Spigelian hernias make up just 2% of all abdominal wall hernias, while bilateral disease is even more uncommon. Among 624 patients included in a systematic review by Mayank et al, only 19 (3.1%) of them had bilateral Spigelian hernias . Females have been described to develop Spigelian hernias more frequently, while other risk factors include obesity, multiple pregnancies, chronic cough and straining [2,4,5]. Presentation is often non-specific with intermittent abdominal pain, with or without a palpable abdominal wall lump at the linea semilunaris. While some cases may be noted as incidental Spigelian fascial defects during general laparoscopic procedures , almost 20% may present with hernia incarceration requiring emergency surgery. Abdominal imaging including ultrasonography and CT scans are usually obtained in cases of uncertain diagnosis .
In the systematic review by Mayank et al., the authors noted a growing trend towards laparoscopic repair compared to the traditional open onlay mesh repair over the last few decades . The most popular laparoscopic approaches were the intraperitoneal onlay mesh (IPOM), transabdominal preperitoneal (TAPP) and totally extraperitoneal (TEP) repair techniques, and they have been associated with reduced post-operative morbidity and length of hospitalisation compared to open surgery . However, open surgery enables concurrent abdominal wall repair for patients with large Spigelian hernias and can be performed under locoregional anaesthesia for patients at high risk of general anaesthetic complications . Open surgery may also be the only option in cases presenting emergently with incarceration and intestinal obstruction, where the presence of dilated bowel loops could make laparoscopic surgery challenging and unfeasible.
There have been a few cases of bilateral Spigelian hernias reported in the literature. Safioleas et al. described a case of successful bilateral open hernioplasty for bilateral Spigelian hernias , while Vannahme et al. presented a case of laparoscopic converted to open mesh repair of an incarcerated right-sided Spigelian hernia in a patient with bilateral Spigelian hernias . Matsui et al. also described a rare case of concurrent TEP repair for bilateral Spigelian and right-sided inguinal hernias . No immediate post-operative complications were encountered in these case reports, indicating that both open and laparoscopic repair remain feasible in the setting of bilateral Spigelian hernias.

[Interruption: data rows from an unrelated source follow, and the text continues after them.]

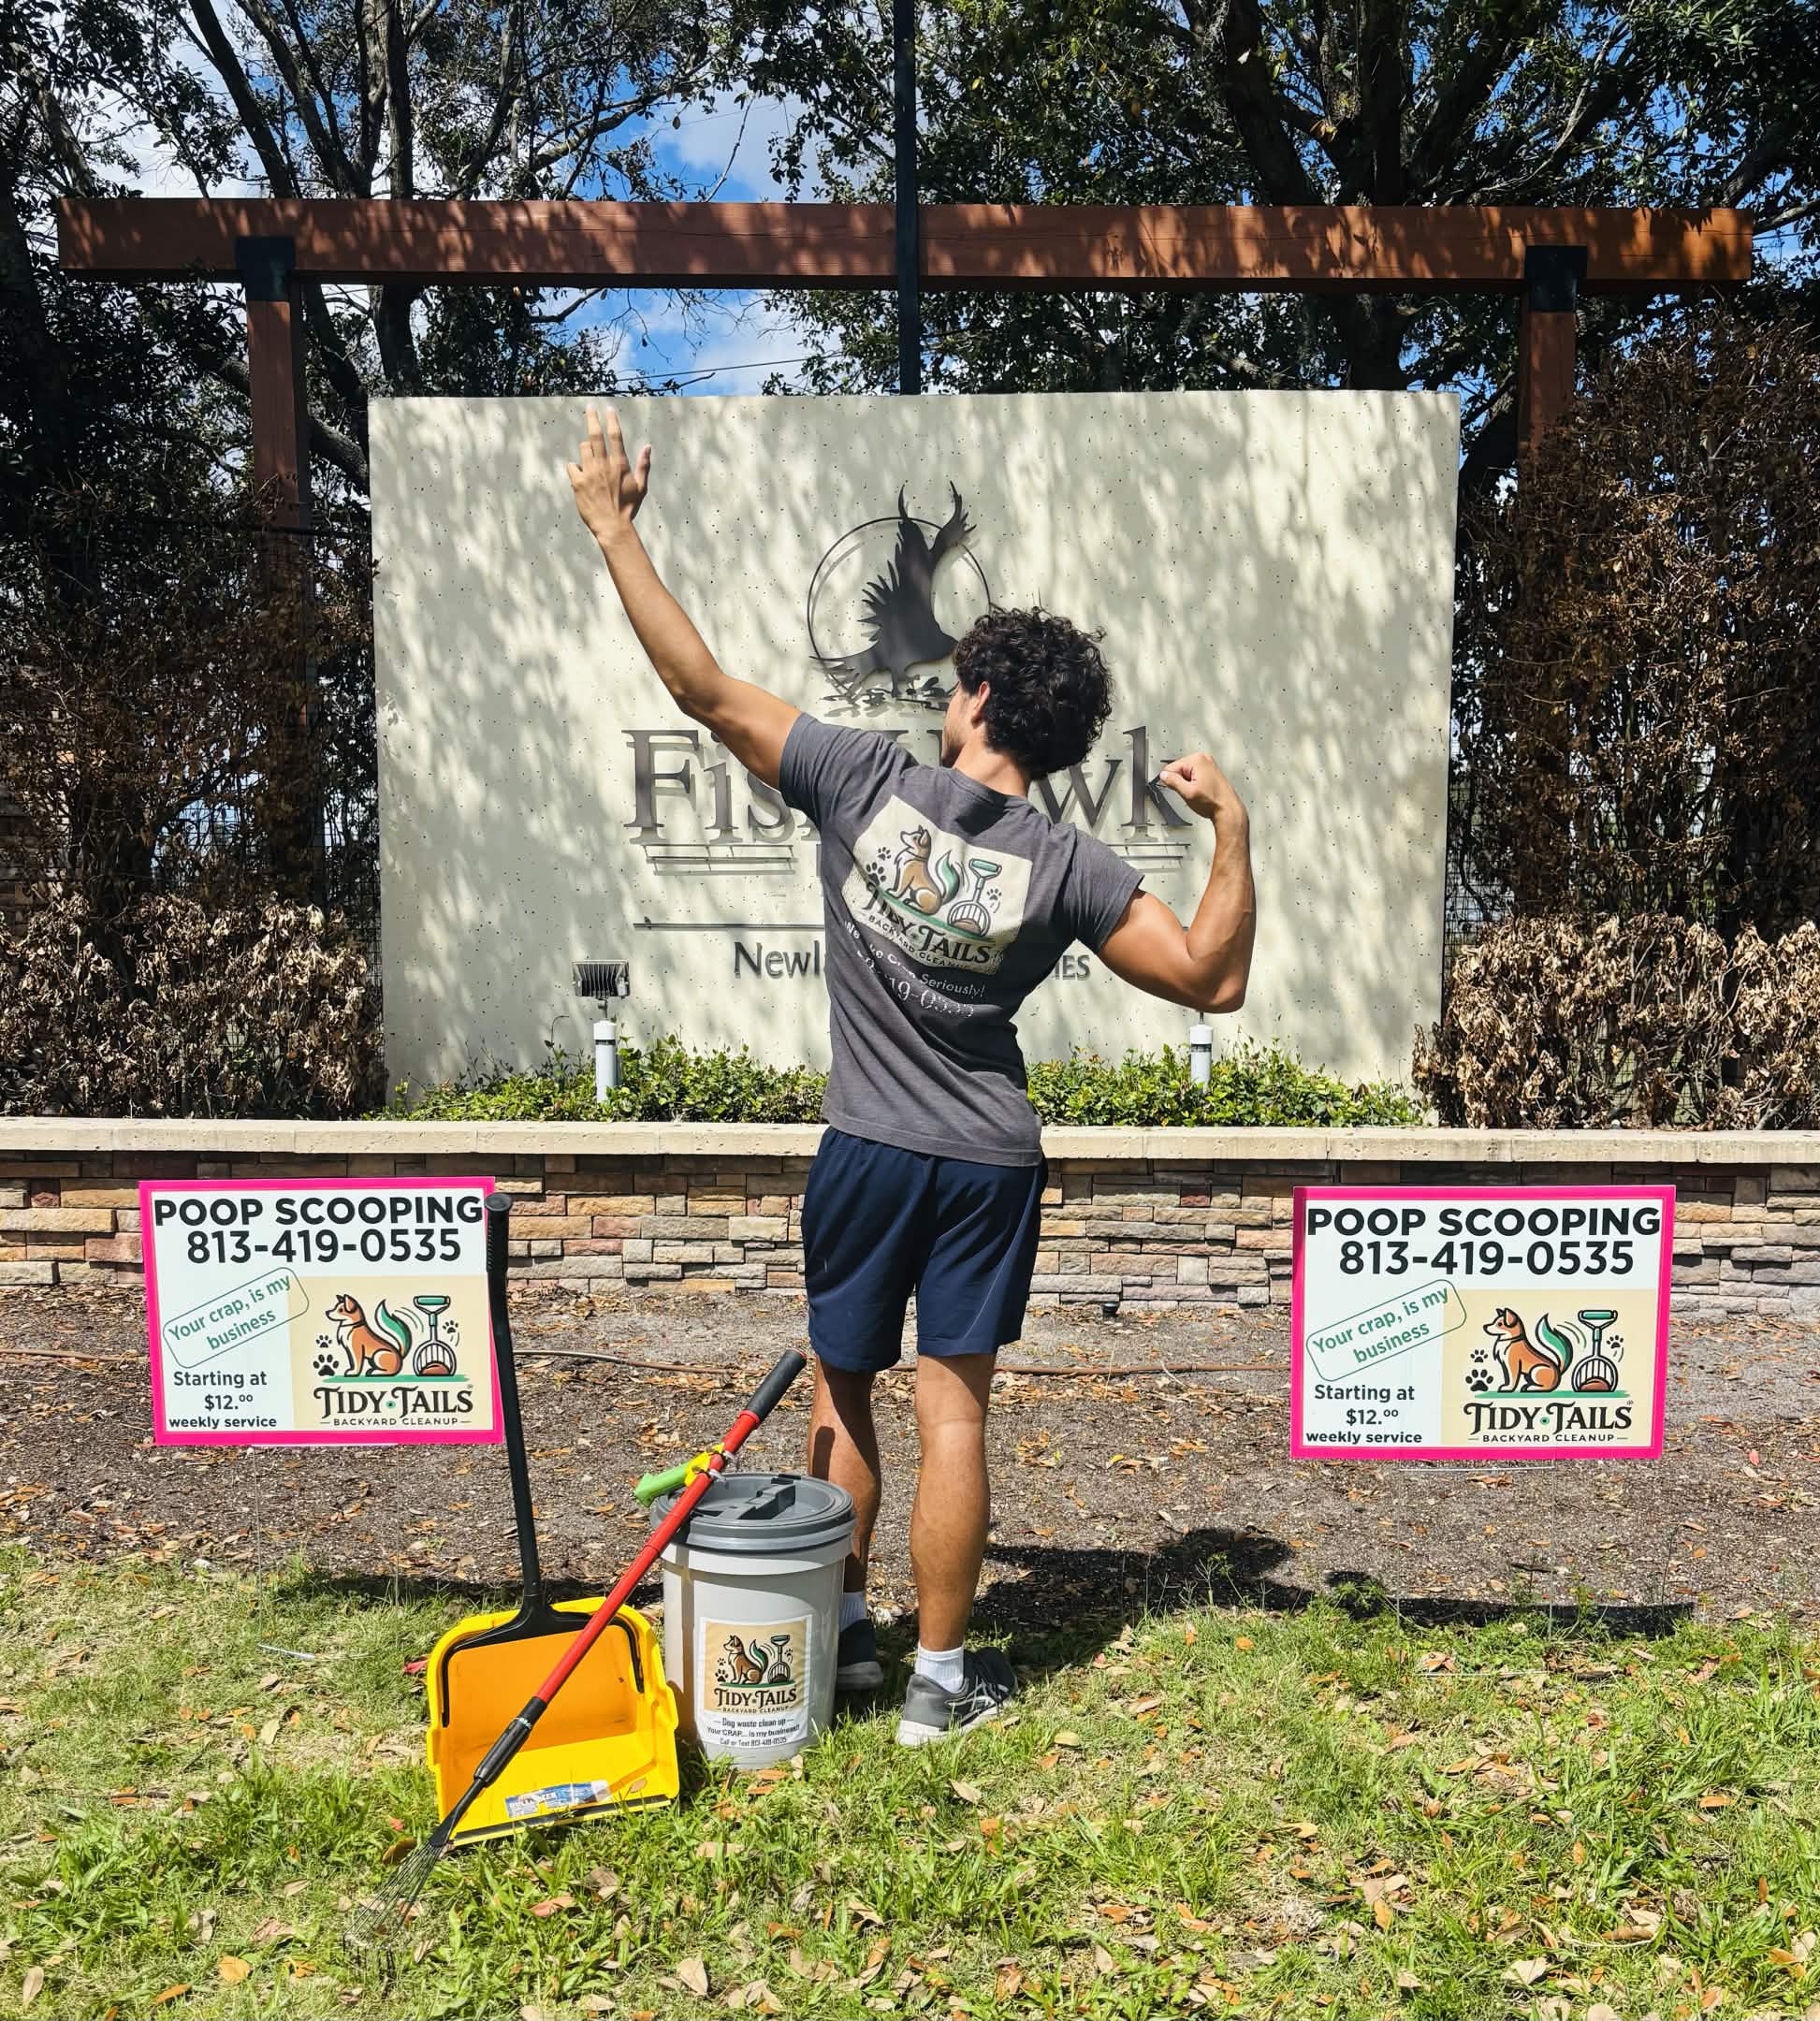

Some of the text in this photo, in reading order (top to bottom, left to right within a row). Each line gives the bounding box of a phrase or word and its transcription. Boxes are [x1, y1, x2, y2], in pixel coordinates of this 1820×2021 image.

[919, 924, 991, 963] TAILS
[921, 973, 985, 999] Seriously!
[154, 1196, 483, 1227] POOP SCOOPING
[1307, 1207, 1660, 1236] POOP SCOOPING
[187, 1229, 461, 1263] 813-419-0535
[1340, 1241, 1634, 1275] 813-419-0535
[168, 1275, 291, 1341] Your crap, is my
[1312, 1287, 1449, 1353] Your crap, is my
[207, 1310, 276, 1349] business
[1353, 1323, 1430, 1363] business
[174, 1371, 268, 1389] Starting at
[1315, 1384, 1415, 1403] Starting at
[313, 1386, 473, 1418] TIDY TAILS
[168, 1416, 277, 1430] weekly service
[1463, 1402, 1632, 1435] TIDY TAILS
[1306, 1431, 1422, 1445] weekly service
[714, 1688, 797, 1708] TIDY TAILS
[722, 1718, 735, 1728] Dog

In our case, the patient had multiple medical co-morbidities and displayed radiological features of left-sided small bowel incarceration and obstruction. Open surgery was the logical option as it was a priority to avoid unnecessary prolongation of operative time given the patient’s frailty and co-morbidities, and the presence of dilated small bowel loops and significant ascites would have increased the complexity of a laparoscopic approach. The bilateral hernia defects were reasonably small at 2-3cm in size, which made open onlay mesh repair a convenient and feasible option. The patient did not suffer any immediate post-operative complications such as hernia recurrence, wound infection, post-operative haematoma or collection.

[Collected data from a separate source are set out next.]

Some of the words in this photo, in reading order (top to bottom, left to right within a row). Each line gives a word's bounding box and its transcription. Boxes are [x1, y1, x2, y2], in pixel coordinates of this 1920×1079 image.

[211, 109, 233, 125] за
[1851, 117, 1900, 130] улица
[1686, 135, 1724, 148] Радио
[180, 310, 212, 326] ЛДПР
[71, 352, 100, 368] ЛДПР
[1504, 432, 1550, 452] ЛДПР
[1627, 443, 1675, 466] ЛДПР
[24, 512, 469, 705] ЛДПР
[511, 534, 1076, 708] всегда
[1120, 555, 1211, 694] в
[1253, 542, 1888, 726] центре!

Spigelian hernias continue to pose a surgical conundrum owing it its rarity, non-specific presentation, and difficulty with clinical detection on physical examination, thus often requiring abdominal imaging for accurate diagnosis. Despite bilateral Spigelian hernias being even more uncommon, there is emerging evidence in the literature demonstrating that both open and laparoscopic repair techniques are feasible surgical approaches. Open onlay mesh repair of bilateral Spigelian hernias is certainly a viable and safe option for selected patients.